Cinéma / Dans le programme pléthorique de ce premier semestre 2010, un marabout-de-ficelle de films attendus, d'acteurs chéris et de cinéastes défendus depuis des années dans nos colonnes, tous à l'affiche entre janvier et mai. Christophe Chabert


Si en musique 2010 sera l'année Dutronc, au cinéma, ce sera l'année Gainsbourg. Grâce au biopic que le génial Joann Sfar lui consacre avec Eric Elmosnino, formidable acteur de théâtre vu notamment chez Lavaudant, dans le rôle du grand Serge, et qui s'annonce comme un choc de cette rentrée. Sfar, dont on apprécie les bandes dessinées mais aussi les incroyables carnets, ose le grand film d'auteur populaire, s'écartant des règles du genre en tentant de représenter avec un casting impressionnant mais aussi des créatures conçues par l'équipe espagnole qui avait imaginé celles du "Labyrinthe de Pan", les différentes personnalités de Gainsbourg. À voir dès le 20 janvier… Dans son "Variations Marilou", Gainsbourg provoquait l'hypnose des sens autour de l'"Alice" de Lewis Caroll ; mais c'est l'"Alice" de Tim Burton qui occupera les écrans à partir du 7 avril. Johnny Depp est, faut-il le préciser, de la partie, et le challenge pour le duo est de gommer le souvenir mitigé de "Sweeney Todd", en propulsant l'imaginaire baroque de Burton dans la troisième dimension — le film est le premier tourné par le cinéaste en 3D. Autre couple inséparable : celui formé par Leonardo Di Caprio et Martin Scorsese : "Shutter Island", adaptation du brillant polar de Dennis Lehane, est leur quatrième collaboration consécutive, et on attend le film avec impatience — d'autant que sa sortie a été repoussée in extremis d'octobre 2009 à février 2010. Retrouvailles aussi pour un des événements incontournables de cette rentrée : Morgan Freeman en Nelson Mandela dans le nouveau Clint Eastwood (dont la boulimie créatrice est en soi admirable), "Invictus". Ou comment le président sud-africain réussit, en 1994, à réconcilier blancs et noirs autour de leur équipe de rugby pendant la coupe du monde (le 13 janvier). Eastwood avait brillé dans notre top 10 de 2009 avec "Gran Torino" ; Nicolas Winding Refn aussi, grâce à son coup de boule "Bronson". C'était pourtant, de son propre aveu, une œuvre de commande qui lui permettait de mettre en chantier dans son Danemark natal le très personnel "Valhalla Rising" ("Le Guerrier silencieux", sortie le 10 mars), film épique et contemplatif porté par le toujours impressionnant Mads Mikelsen.

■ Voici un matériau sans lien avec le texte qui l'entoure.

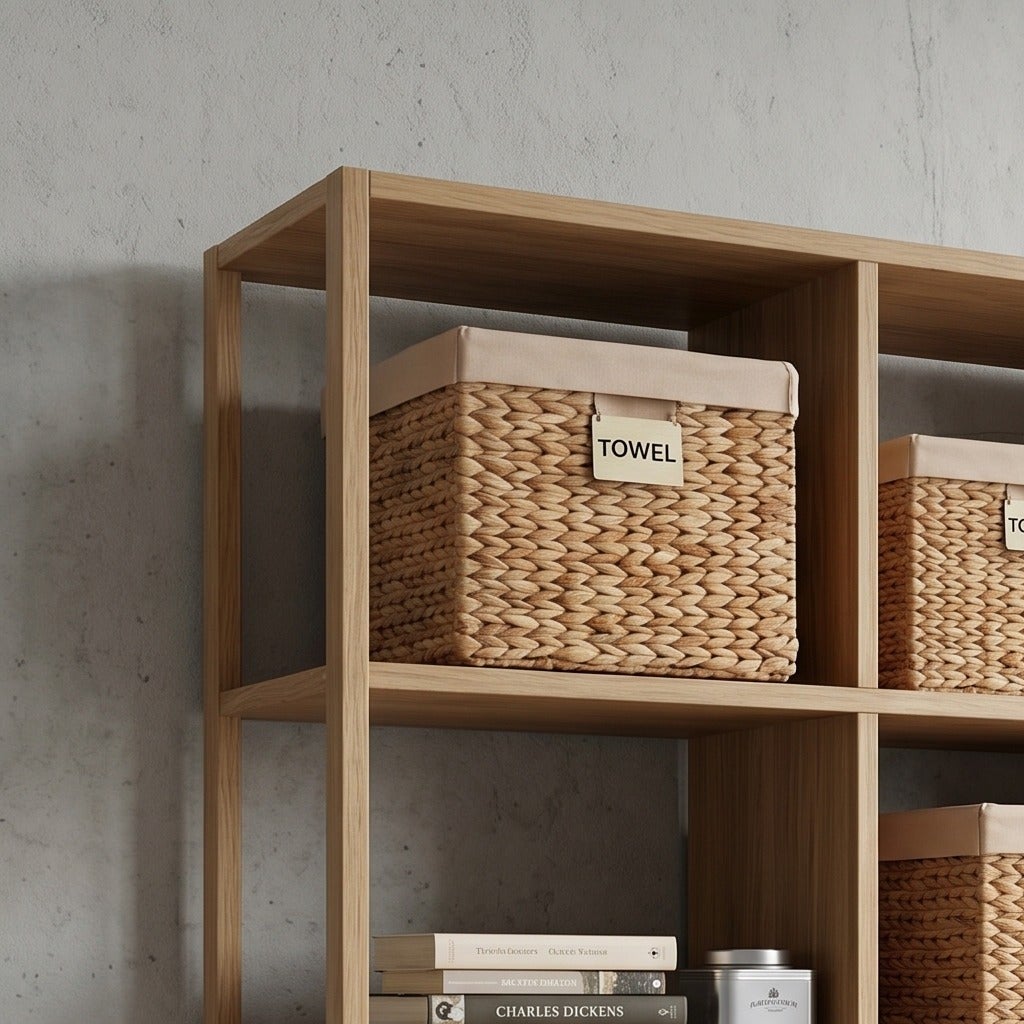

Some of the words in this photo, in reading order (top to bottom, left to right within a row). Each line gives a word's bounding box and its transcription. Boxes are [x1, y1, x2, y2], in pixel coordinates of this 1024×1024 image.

[597, 439, 677, 463] TOWEL
[496, 1005, 559, 1018] CHARLES
[563, 1005, 624, 1018] DICKENS

Qui est in ? Qui est out ?

Il y a quelques années, c'était un has been qui alimentait les colonnes faits-divers à Hollywood ; aujourd'hui, c'est l'acteur américain le plus en vue du moment… Robert Downey Jr portera deux blockbusters sur ses épaules à la rentrée : la suite attendue de "Iron Man" et le plus incertain "Sherlock Holmes" réalisé par Guy Ritchie, qui n'a pas filmé quelque chose de correct depuis "Snatch" (on verra ça respectivement le 28 avril et le 2 février). En vue aussi, l'ami George Clooney : on le retrouvera en chair et en os dans le premier rôle de "In the air", le nouveau Jason Reitman (Juno) déjà couvert d'éloges par la presse américaine (le 27 janvier) ; en revanche, ce sont les simples cordes vocales du beau George qui doublent le héros renard du premier film d'animation réalisé par notre chouchou Wes Anderson, "Fantastic Mister Fox" (le 17 février). Là encore, les premiers échos sont dithyrambiques… Anderson est un franc-tireur au sein de Hollywood, mais il a de la concurrence du côté des frères Coen : après une stupéfiante passe de deux en 2008 ("No country for old men" et "Burn after reading"), les revoilà avec un film sans star et sur un sujet original, une comédie noire intitulée "A serious man" (sortie le 20 janvier). À ne pas confondre avec le premier long-métrage du couturier Tom Ford, "A single man", avec un Colin Firth récompensé pour son interprétation au festival de Venise. Festival qui avait primé le film israélien "Lebanon" de Samuel Maoz (le 3 février), où la guerre du Liban vue depuis l'habitacle d'un tank. À Venise aussi, Fatih Akin dévoilait son nouveau film après l'impressionnant "De l'autre côté" : "Soul Kitchen" est, c'est une petite surprise, une comédie, longuement mûrie par le réalisateur de "Head on" (le 17 mars).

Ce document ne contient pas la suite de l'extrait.